A brave group of Jews secretly chronicled their daily existence in the Warsaw Ghetto during the Holocaust. Only one who knew where the archive was buried survived.
“The life of every Jew during this war is a world unto itself.”
So wrote historian Dr. Emanuel Ringelblum, founder of the Oyneg Shabes, an archive of documents and writings created clandestinely by Jews in the Warsaw Ghetto from 1940–1943 and considered to be the most important cache of eyewitness accounts of the Holocaust to survive the war.
Led by Ringelblum, a group of journalists, scholars, and community leaders in the Warsaw Ghetto vowed to defeat Nazi lies and propaganda not with guns or fists but with pen and paper. By recounting their experiences as they happened, from their perspective as Jews during World War II, these courageous souls were both bearing witness to themselves and risking their lives.
“I do not know who of our group will survive…but one thing is clear to all of us. Our toils and tribulations, our devotion and constant terror have not been in vain,” Ringelblum wrote.

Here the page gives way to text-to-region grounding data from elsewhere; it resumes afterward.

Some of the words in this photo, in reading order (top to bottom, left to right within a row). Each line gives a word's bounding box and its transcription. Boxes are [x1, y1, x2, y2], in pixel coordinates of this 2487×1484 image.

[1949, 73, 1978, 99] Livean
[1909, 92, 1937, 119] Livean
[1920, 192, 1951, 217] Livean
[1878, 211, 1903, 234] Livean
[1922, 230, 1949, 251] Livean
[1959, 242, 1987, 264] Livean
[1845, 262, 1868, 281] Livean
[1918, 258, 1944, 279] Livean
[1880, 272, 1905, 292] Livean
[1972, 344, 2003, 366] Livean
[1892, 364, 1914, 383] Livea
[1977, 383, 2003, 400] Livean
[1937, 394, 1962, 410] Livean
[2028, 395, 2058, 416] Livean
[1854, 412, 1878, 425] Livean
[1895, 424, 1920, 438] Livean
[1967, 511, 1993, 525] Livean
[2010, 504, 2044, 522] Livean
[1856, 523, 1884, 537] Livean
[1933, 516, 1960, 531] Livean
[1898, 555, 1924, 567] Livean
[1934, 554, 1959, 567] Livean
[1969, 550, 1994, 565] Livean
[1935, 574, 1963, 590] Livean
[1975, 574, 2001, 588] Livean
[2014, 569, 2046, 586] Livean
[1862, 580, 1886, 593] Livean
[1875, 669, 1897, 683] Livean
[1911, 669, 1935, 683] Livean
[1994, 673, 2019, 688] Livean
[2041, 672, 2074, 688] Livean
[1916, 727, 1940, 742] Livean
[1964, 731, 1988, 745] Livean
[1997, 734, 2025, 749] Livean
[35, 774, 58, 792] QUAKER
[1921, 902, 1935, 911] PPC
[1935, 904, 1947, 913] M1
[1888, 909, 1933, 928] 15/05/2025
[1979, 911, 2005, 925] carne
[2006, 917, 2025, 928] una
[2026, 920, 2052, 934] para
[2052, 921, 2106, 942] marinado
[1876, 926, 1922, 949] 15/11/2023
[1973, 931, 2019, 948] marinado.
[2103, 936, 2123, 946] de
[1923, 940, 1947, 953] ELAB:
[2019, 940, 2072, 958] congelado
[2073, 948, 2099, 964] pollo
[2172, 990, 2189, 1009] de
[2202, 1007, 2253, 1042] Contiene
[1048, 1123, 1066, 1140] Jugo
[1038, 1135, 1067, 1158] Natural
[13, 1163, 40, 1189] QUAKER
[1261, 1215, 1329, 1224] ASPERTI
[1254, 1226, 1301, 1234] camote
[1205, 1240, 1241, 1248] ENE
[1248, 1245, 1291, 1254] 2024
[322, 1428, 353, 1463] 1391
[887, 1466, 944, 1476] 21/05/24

As trains deported them to the gas chambers of Treblinka and the Ghetto burned to the ground, members of the Oyneg Shabes buried 60,000 pages of documentation in the hopes that the archive would survive the war, even if they did not, according to the film Who Will Write Our History, a feature documentary that tells the story of the archive and those who created it.
Of the approximately sixty individuals involved in creating the archive, only three survived; and only one of those three individuals knew where it was buried.

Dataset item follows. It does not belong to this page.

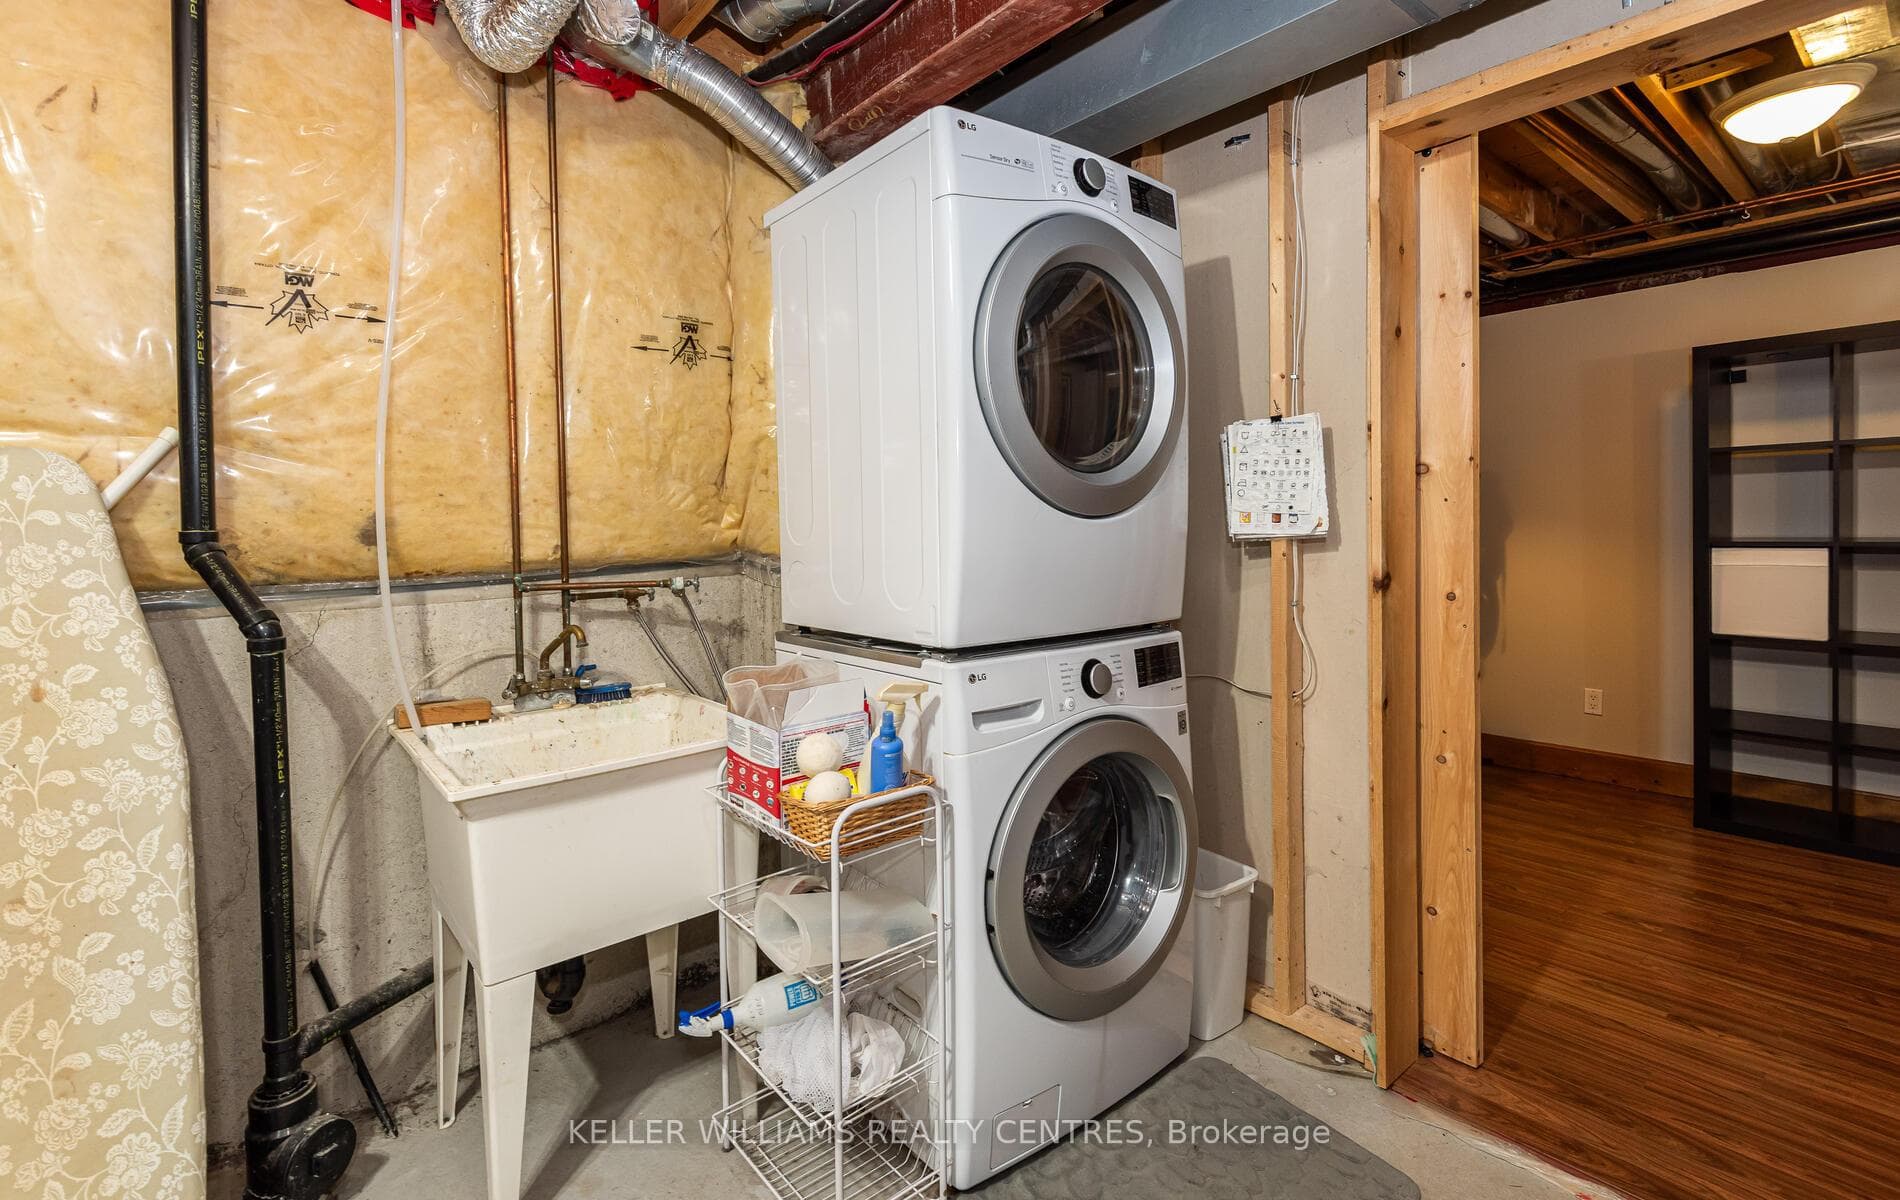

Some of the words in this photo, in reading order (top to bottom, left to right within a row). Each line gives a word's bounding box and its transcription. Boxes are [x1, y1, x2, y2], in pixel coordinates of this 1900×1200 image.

[967, 122, 977, 132] LG
[196, 329, 205, 365] IPEX
[977, 673, 987, 681] LG
[277, 748, 285, 784] IPEX

Film director Roberta Grossman declares the efforts of the Oyneg Shabes archivists to “scream the truth to the world” to be “the most important unknown story of the Holocaust.”

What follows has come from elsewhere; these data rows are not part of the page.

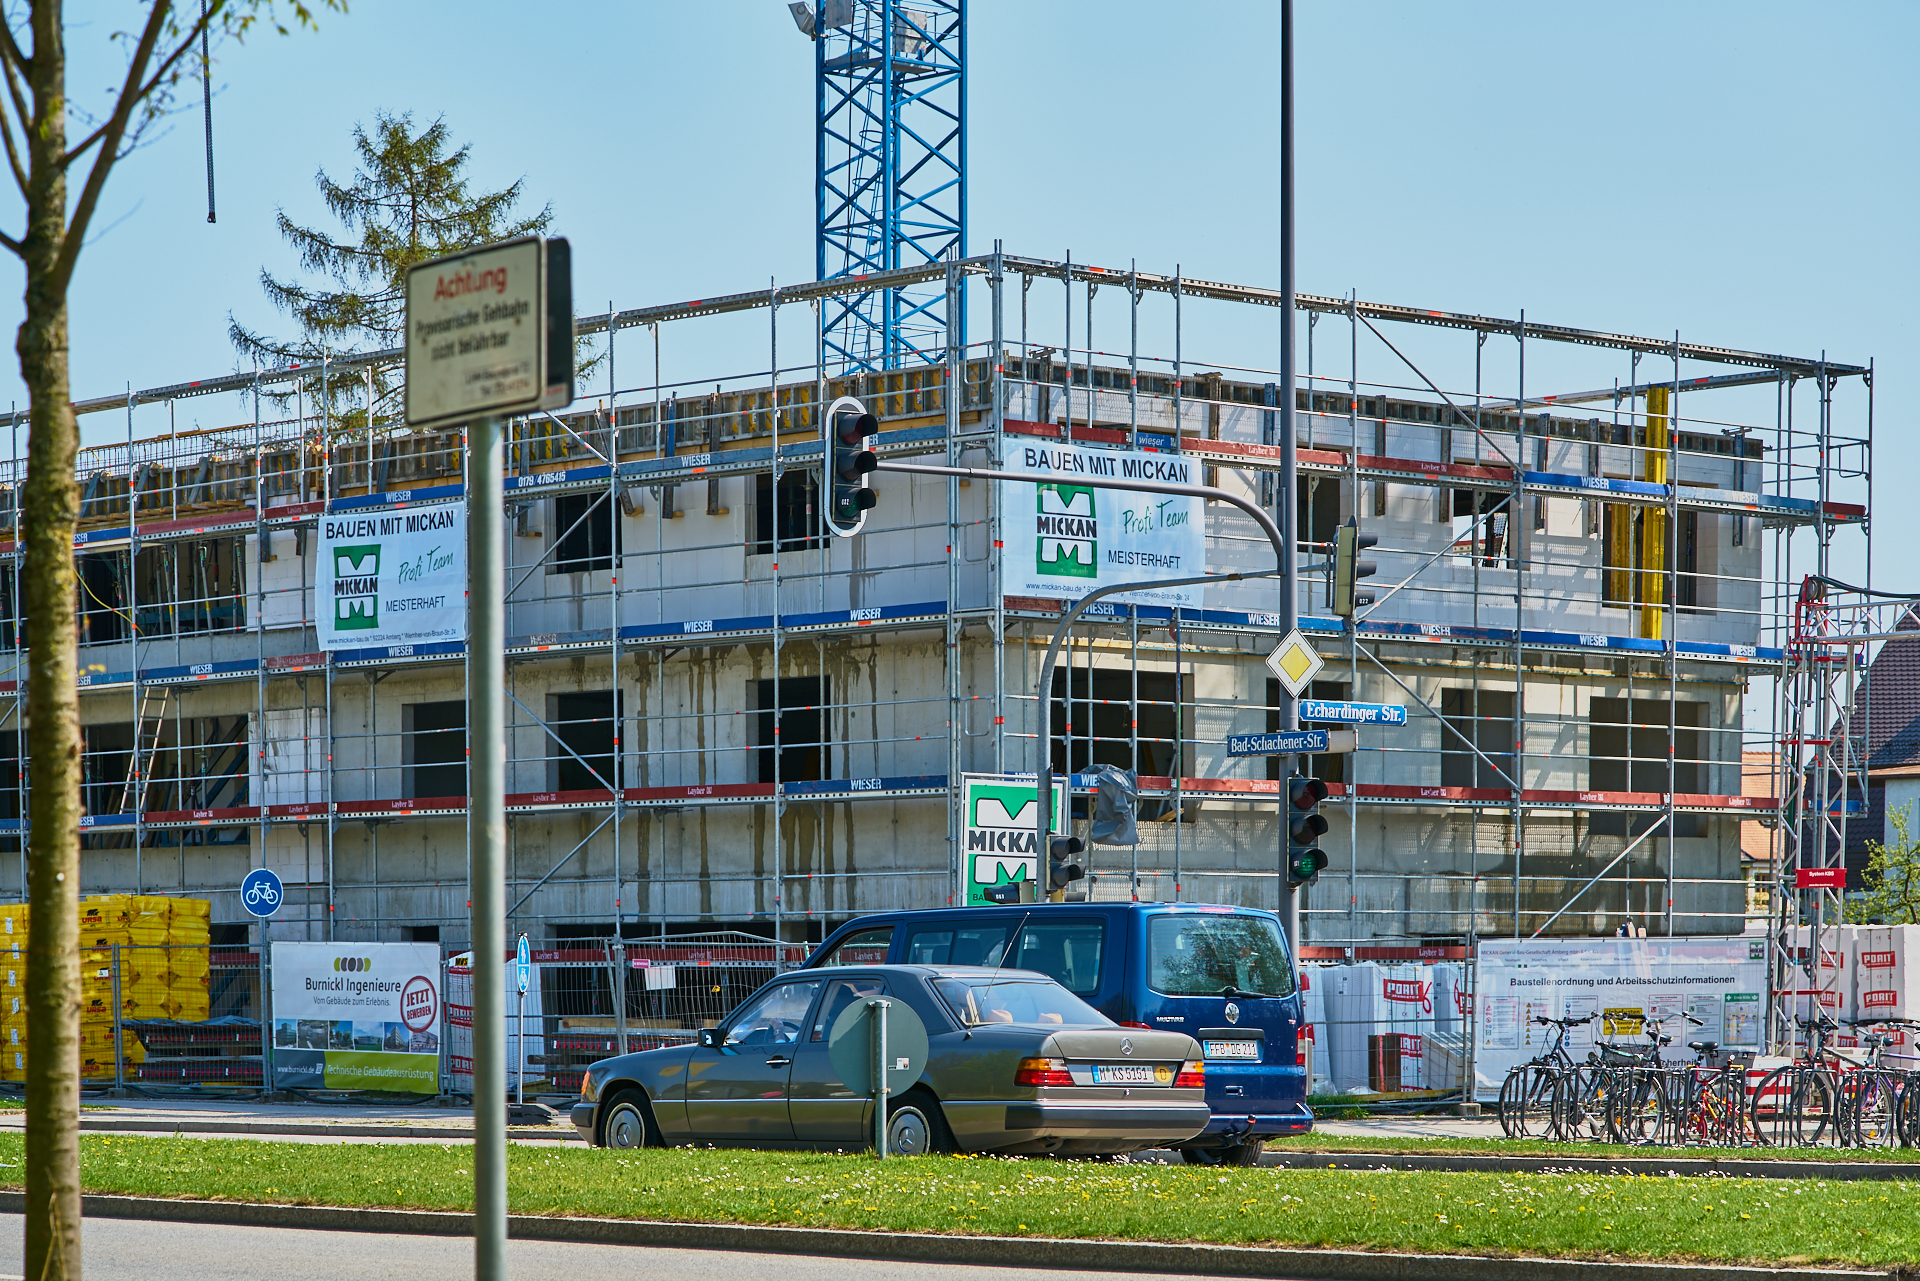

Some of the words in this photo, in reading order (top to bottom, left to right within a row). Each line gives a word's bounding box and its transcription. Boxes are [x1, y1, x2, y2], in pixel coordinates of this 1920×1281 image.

[434, 266, 508, 302] Achtung
[457, 331, 510, 354] befahrbar
[1138, 436, 1165, 447] wieser
[1248, 445, 1268, 455] Layher
[681, 453, 711, 467] WIESER
[1025, 447, 1084, 472] BAUEN
[1089, 456, 1116, 476] MIT
[1122, 458, 1188, 483] MICKAN
[1421, 463, 1441, 472] Layher
[1581, 477, 1610, 490] WIESER
[386, 490, 411, 503] WIESER
[1732, 491, 1759, 504] WIESER
[1123, 506, 1153, 535] Profi
[1156, 499, 1189, 528] Team
[326, 519, 376, 539] BAUEN
[380, 517, 402, 536] MIT
[406, 510, 454, 533] MICKAN
[1036, 516, 1098, 538] MICKAN
[73, 532, 88, 544] ESER
[398, 555, 423, 584] Profi
[427, 545, 454, 573] Team
[1108, 549, 1181, 569] MEISTERHAFT
[334, 577, 379, 596] MICKAN
[1025, 582, 1082, 593] www.mickan-bau.de
[385, 595, 446, 613] MEISTERHAFT
[850, 607, 882, 621] WIESER
[1247, 613, 1280, 626] WIESER
[683, 619, 713, 633] WIESER
[1420, 624, 1451, 637] WIESER
[327, 636, 370, 645] www.mickan-bau.de
[1579, 634, 1608, 648] WIESER
[388, 645, 414, 657] WIESER
[1730, 643, 1757, 658] WIESER
[190, 662, 213, 675] WIESER
[77, 674, 91, 686] ESER
[1306, 702, 1379, 723] Echardinger
[1381, 707, 1402, 722] Str.
[1231, 733, 1324, 753] Bad-Schachener-Str.
[687, 786, 706, 796] Layher
[850, 778, 882, 791] WIESER
[1420, 787, 1440, 797] Layher
[1580, 792, 1597, 802] Layher
[391, 799, 408, 809] Layher
[1728, 797, 1745, 807] Layher
[193, 810, 208, 819] Layher
[968, 829, 1038, 853] MICKA
[536, 952, 553, 961] Layher
[854, 951, 874, 962] Layher
[1418, 948, 1437, 958] Layher
[1864, 953, 1892, 964] PORIT
[305, 977, 343, 992] Burnickl
[346, 978, 401, 996] Ingenieure
[1510, 977, 1595, 988] Baustellenordnung
[1597, 977, 1614, 986] und
[1615, 975, 1736, 985] Arbeitsschutzinformationen
[1386, 982, 1420, 995] PORIT
[313, 996, 325, 1005] Vom
[326, 995, 351, 1006] Gebäude
[352, 998, 365, 1006] zum
[365, 996, 391, 1007] Erlebnis.
[405, 988, 430, 1008] JETZT
[1866, 992, 1894, 1003] PORIT
[406, 1005, 432, 1021] BEWERBEN
[1210, 1043, 1226, 1055] FFB
[1231, 1043, 1241, 1055] DG
[1243, 1044, 1258, 1055] 211
[277, 1064, 315, 1075] www.burnickl.de
[327, 1064, 362, 1076] Technische
[363, 1065, 434, 1082] Gebäudeausrüstung
[1098, 1067, 1107, 1081] M
[1111, 1067, 1124, 1081] KS
[1126, 1066, 1148, 1081] 5151
[1159, 1068, 1167, 1081] D

The feature documentary Who Will Write Our History blends archival and dramatic footage. “The thrust of the effort was to make the film as authentic as possible,” said filmmaker Roberta Grossman during a post-screening panel at the 92nd Street Y on November 19, 2019. “The overarching goal was to give the film the gravitas of documentary with great scholars like Sam [Kassow] and then to have the emotional pull of a dramatic feature.”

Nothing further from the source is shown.